Even before Covid, Wonder Woman 1984 had been delayed. It was supposed to come out in December of 2019, then November of that year, before getting bumped back to the summer of 2020. By the fall of 2020, with widespread vaccinations months away, it was decided that the film couldn’t sit on the shelf any longer. Warner Bros. put the movie out in theaters and on its new HBO Max streaming service at the same time, a prelude to the company’s plan to bolster the site by releasing all of its 2021 films day-and-date in theaters and at home.

The film did make $166 million worldwide, not nothing in a Covid world. Still that’s a small fraction of the $822 million the first Wonder Woman made in theaters. And although director Patty Jenkins supported the release at the time, she has now admitted that the experience was “heartbreaking.”

At a CinemaCon event this week (via Deadline), Jenkins called the decision to release Wonder Woman 1984 on HBO Max and theaters simultaneously “the best choice in a bunch of bad choices at the moment” as well as a “heartbreaking experience.”

She added...

It was detrimental to the movie ... I don’t think it plays the same on streaming, ever ... I’m not a fan of day-and-date and I hope to avoid it forever. I make movies for the big-screen experience.

She also said that while she’d happily make a television show for Netflix, she would not make a film for it or any streaming service.

Jenkins’ comments are far from the only negative ones to come out of Warner Bros.’ HBO Max experiment.
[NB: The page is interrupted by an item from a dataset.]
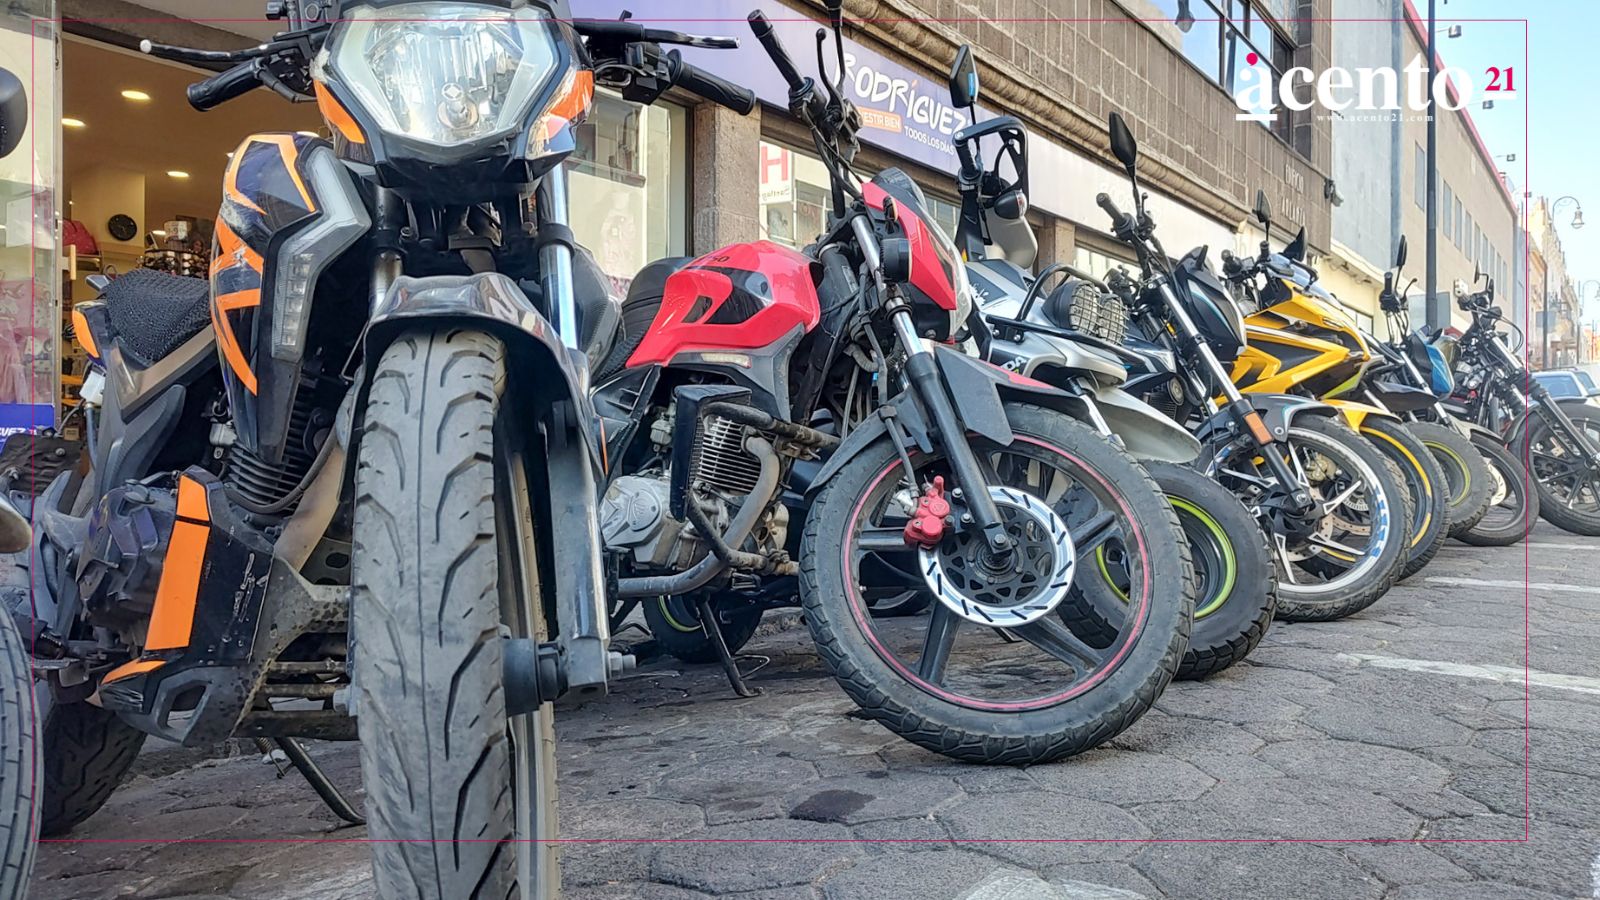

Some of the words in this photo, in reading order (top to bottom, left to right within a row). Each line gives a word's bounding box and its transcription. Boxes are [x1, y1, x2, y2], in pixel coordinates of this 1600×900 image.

When they first announced the decision to push all their 2021 movies to streaming and theaters simultaneously, Christopher Nolan — who had made Tenet with Warner Bros. just a few months earlier — publicly called HBO Max “the worst streaming service.” Denis Villeneuve, whose Dune is part of the Warners slate that will debut on HBO Max this year, wrote an angry editorial in Variety claiming Warners’ parent company, AT&T, had “hijacked one of the most respectable and important studios in film history.”

Unfortunately, with Covid cases rising around the world, it seems like releases like Wonder Woman 1984’s and Dune’s are only going to get more common, not less. Meanwhile, Wonder Woman 1984 is still streaming on HBO Max. Dune debuts there on October 22. Warner Bros. has said it will return to a more traditional release schedule for its blockbusters in 2022. We’ll see.